In 1924, Heller co-founded, financed, and owned International Publishers, which printed or imported books and pamphlets from the USSR, while Alexander Trachtenberg served as "manager, editor, salesman." As "angel investor," Heller owned 51%, while the Comintern owned 49%, so that the publisher looked like a private business, according to ex-communist witness Benjamin Gitlow. Trachtenberg claimed that Heller and he split ownership 50-50. Trachtenberg also said that Heller's wife helped incorporate the company.

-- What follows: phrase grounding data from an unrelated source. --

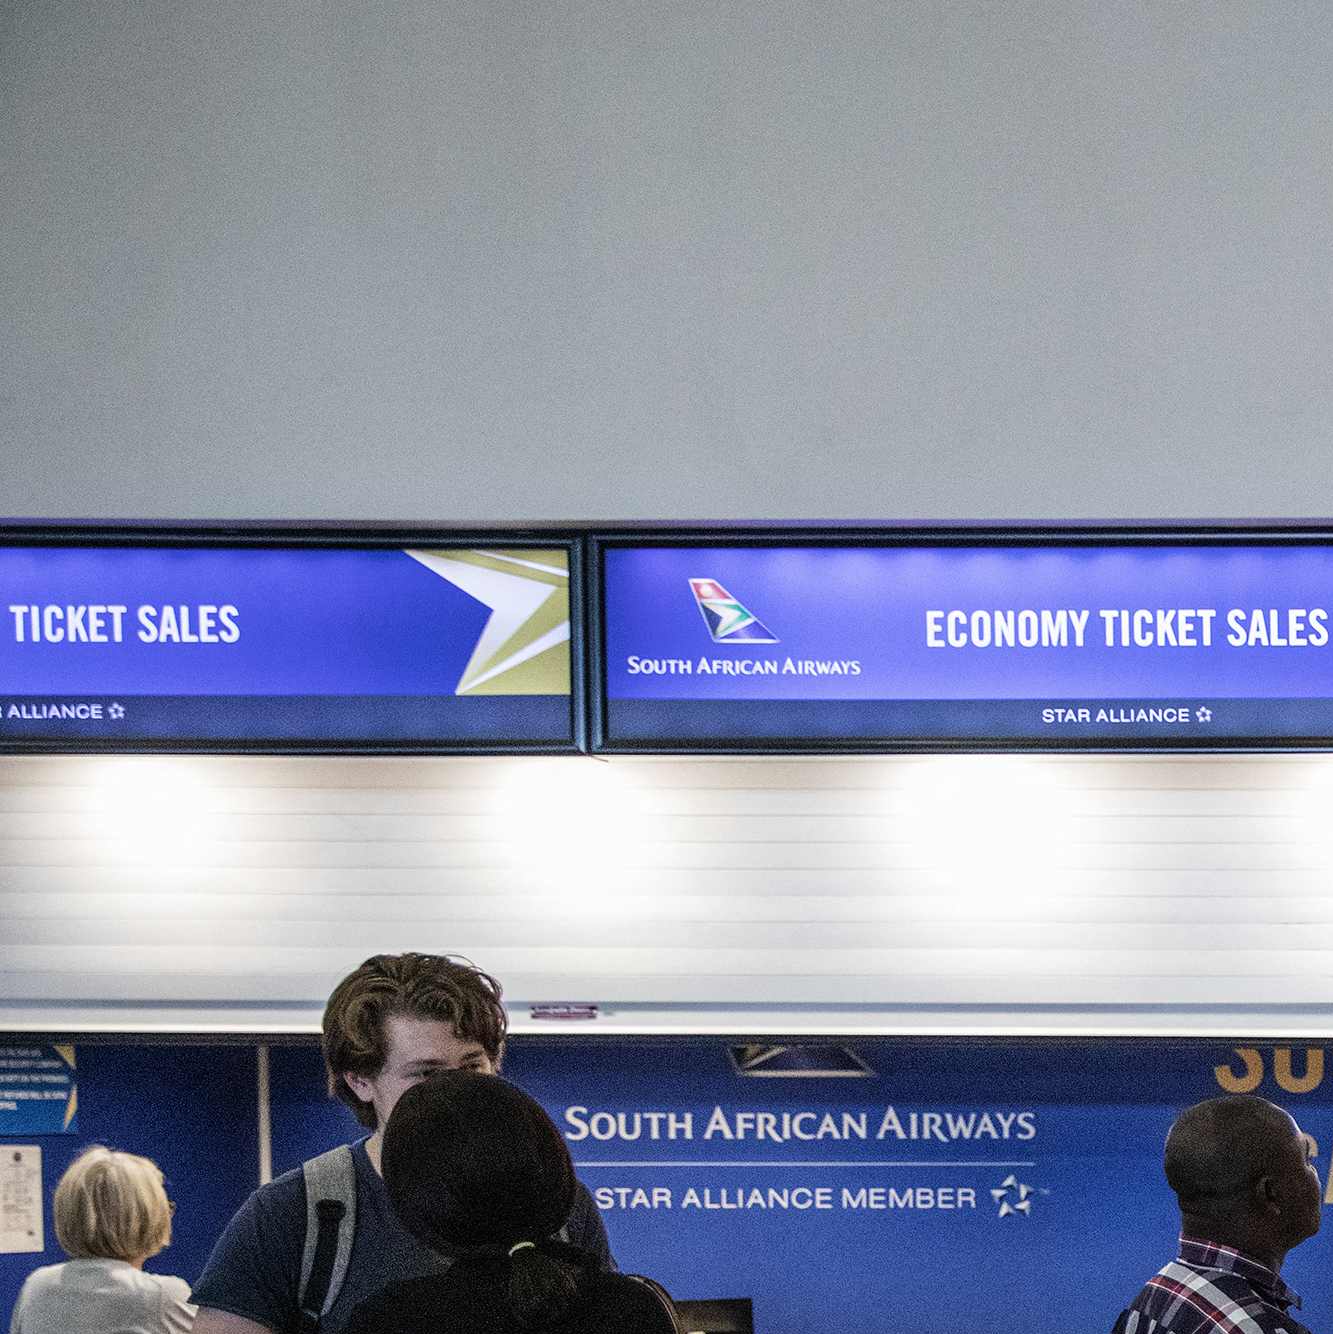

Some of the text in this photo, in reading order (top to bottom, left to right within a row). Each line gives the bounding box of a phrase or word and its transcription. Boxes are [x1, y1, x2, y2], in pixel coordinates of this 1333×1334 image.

[10, 605, 240, 643] TICKET SALES
[926, 609, 1329, 647] ECONOMY TICKET SALES
[628, 656, 861, 676] SOUTH AFRICAN AIRWAYS
[7, 704, 103, 719] ALLIANCE
[1042, 708, 1190, 723] STAR ALLIANCE
[564, 1106, 1036, 1143] SOUTH AFRICAN AIRWAYS
[595, 1187, 976, 1210] STAR ALLIANCE MEMBER
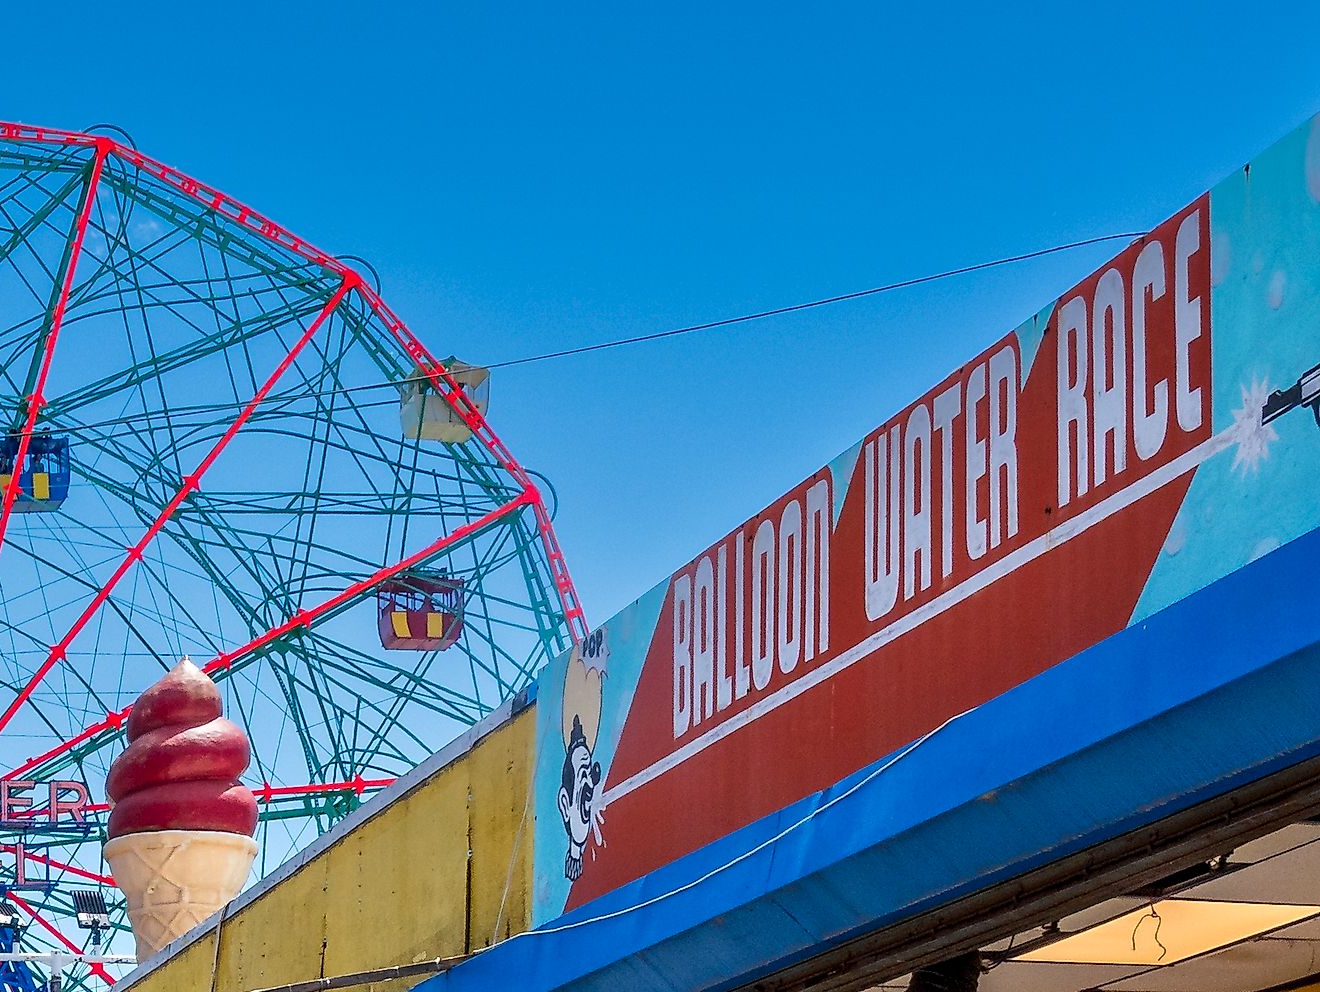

Trachtenberg met Heller when Heller was serving on the board of the Rand School (director in 1918) and Trachtenberg was a teacher there.

In 1927, Philip Fried, general manager, said that Samuel Heller, president of Heller & Son, had signed a contract with the Russky Samotzvet (Soviet State Trust) for rights to mine the "vast emerald fields" in the Urals mountains in the USSR, in return for American capital and management of a joint mining operation. The New York Times reported that $1 million of emeralds had hit US markets as a result.

In 1938, Heller ("of Chappaqua, New York") served as purchasing agent for the North American Committee to Aid Spain, which had raised more than $1 million in cash and materials.

In 1939, the Dies Committee announced Heller was the first "millionaire Red" found. In 1940, Heller's name came up during Dies Committee hearings during testimony by Benjamin Gitlow and Alexander Trachtenberg.

In 1950, Heller was a director of the Jefferson School of Social Sciences (successor to the New York Workers School as well as president of People's Radio Foundation, Inc. Directors of People's Radio included Joseph R. Brodsky as well as Rockwell Kent and Peter Shipka of the International Workers Order.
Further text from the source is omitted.